Why the hell was she worrying about something as trivial as the way he’d treated her as a widow in mourning, when he was now threatening her and her entire family with total humiliation and ruin?
While she’d thought herself safe in the States, Cal Blackstone had been busy ensnaring Simon in a web of financial dependency, both personal and professional. Then he’d sat back and waited, like the spider, for the unsuspecting fly to return …
But that was defeatist talk, she told herself in self-reproach. After all, if the fly struggled hard enough, even the strongest web could be broken.
She was halfway through a dinner she had no interest in eating when Simon eventually came in. He looked tired and anxious, and for a moment she was tempted to leave him in the peace he so clearly needed at least until the morning.
She let him talk for a while about Fiona and the labour pains which had so unaccountably subsided while he ate his meal.
Then she said quietly, ‘Don’t you want to know what happened this afternoon?’
He shrugged, his face adopting a faintly martyred expression. ‘I suppose so. To be honest, Jo, although his letter threw me when it arrived, I’ve been thinking about it while I’ve been hanging around at the nursing home, and, frankly, I don’t know what all the fuss is about. Things at work are picking up slowly.

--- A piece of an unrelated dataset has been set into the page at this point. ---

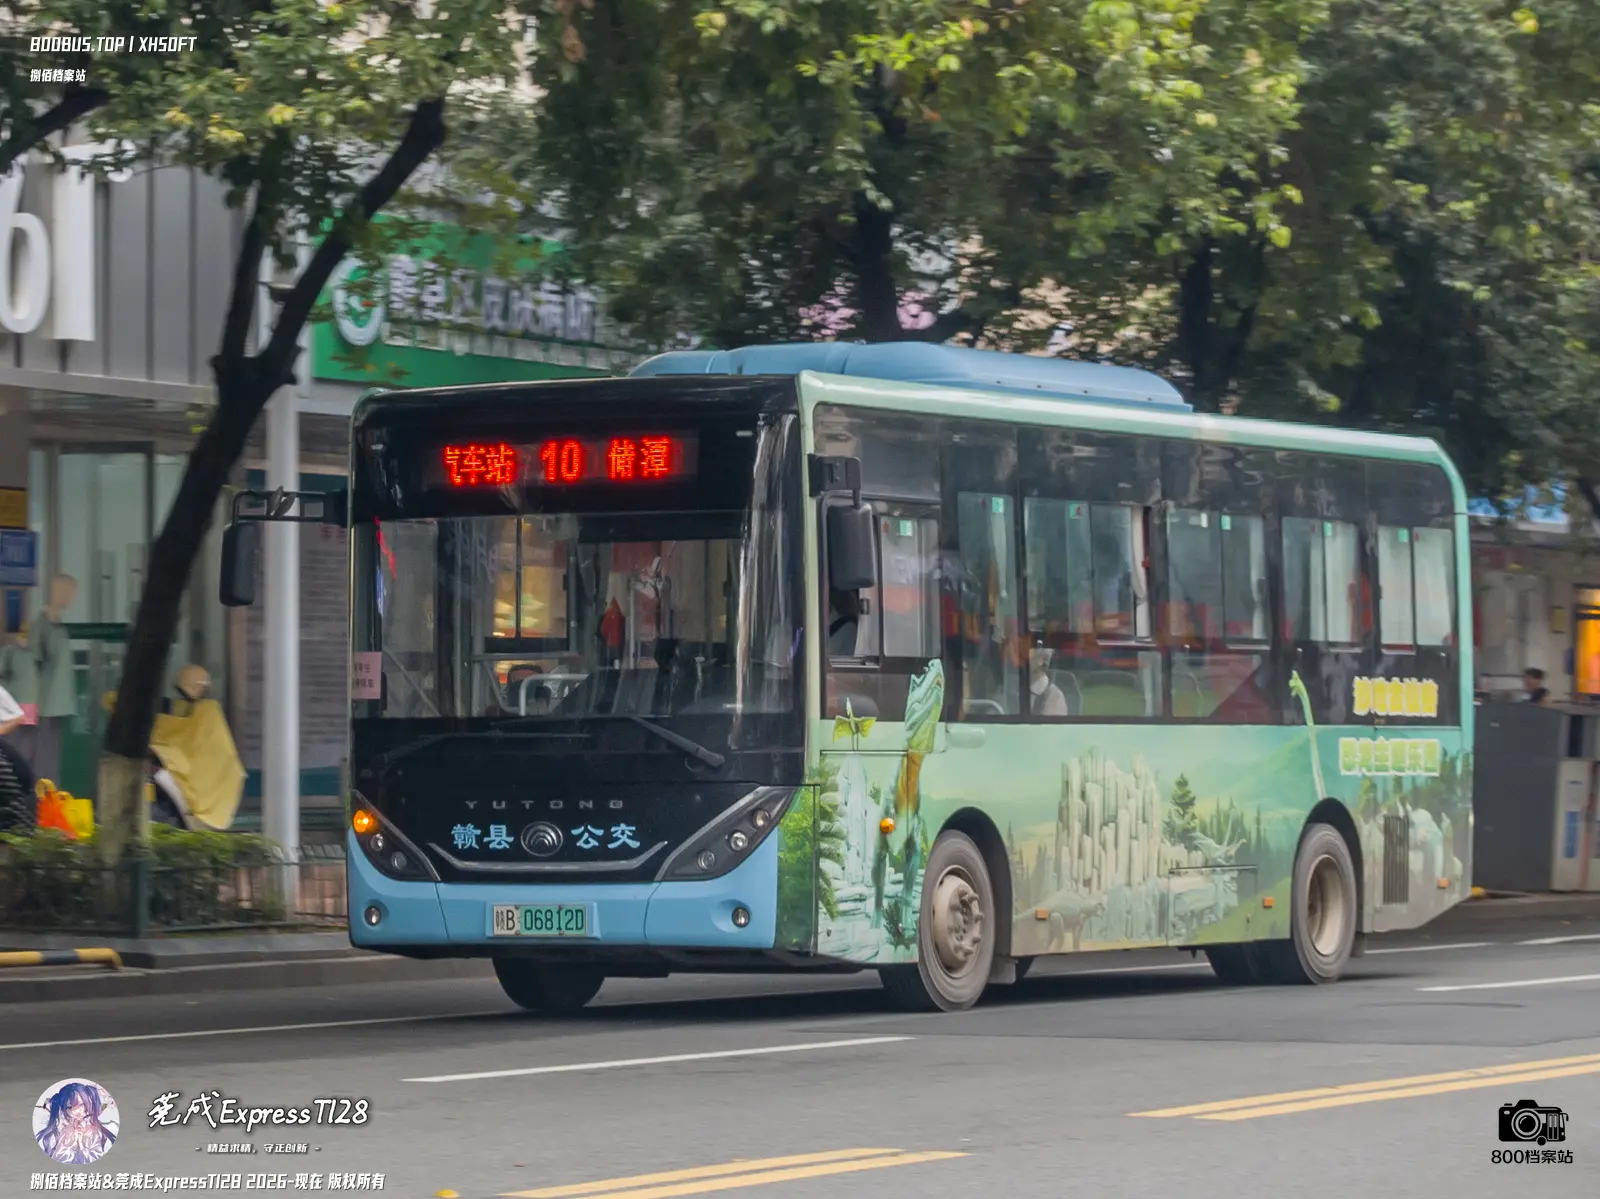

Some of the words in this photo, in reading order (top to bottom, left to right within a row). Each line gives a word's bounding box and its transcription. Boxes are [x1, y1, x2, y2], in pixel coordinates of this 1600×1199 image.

He’ll get his money back, and he’ll just have to be patient, that’s all. I hope you told him so.’
She picked up the coffee-pot and filled two cups with infinite care.
‘I didn’t actually get the chance,’ she said. ‘He didn’t come here to talk about work. It was your other debts he was concerned with. The ones you ran up at the casino, and the race-track.’
She watched him go white. There was a long, painful silence. Then he said very rapidly, ‘He told you that, but he had no right. He said there was no hurry. He knew I’d pay it all off if he just gave me time.’
‘How?’ She looked at Simon’s guilty, miserable face and knew that the question was unanswerable.
She nerved herself to go on. ‘He—he did mention the Craft Company in one context. He talked about the books—the accounts.’
‘What about them?’ Simon’s gaze was fixed on the polished dining table.
‘He said something about an independent audit,’ Joanna said, and stopped appalled as Simon’s cup dropped from his hand, spilling coffee everywhere.
‘Can he do that?’ The blue eyes were scared, imploring. ‘Can he, Jo?’
‘Is there some reason why he shouldn’t?’ She tried to speak evenly, but her voice trembled as she realised she had to face, to come to terms with the unthinkable.
He didn’t reply, just picked up his table napkin and began blotting up the coffee as if it were the most important thing in the world.
She said, ‘It’s true, then. There’s money missing, and you’re responsible.’
‘Whose bloody company is it anyway?’ he said, his tone mutinous, defensive.
‘Not yours to that extent. Simon, are you crazy?’
‘I had to do something. Fiona was miserable, and needed a break. She had her heart set on St Lucia. She’s never known what it is to be short of cash—she doesn’t understand.’
Joanna closed her eyes for a moment, trying to visualise Fiona’s reaction to the news that her husband had made them bankrupt and homeless. But her imagination balked at the very idea.
‘Go on,’ she said, with infinite weariness. ‘So you embezzled money from the Craft Company to take Fiona on an expensive holiday.’
‘I did not embezzle it!’ Simon’s face was flushed now with anger. ‘I borrowed it.’
‘With Philip’s knowledge and permission?’
‘I didn’t think it was necessary to mention it to him. After all, it was only a couple of thousand or so on temporary loan. I fully intended to pay it back. One damned good win at blackjack was all I needed.’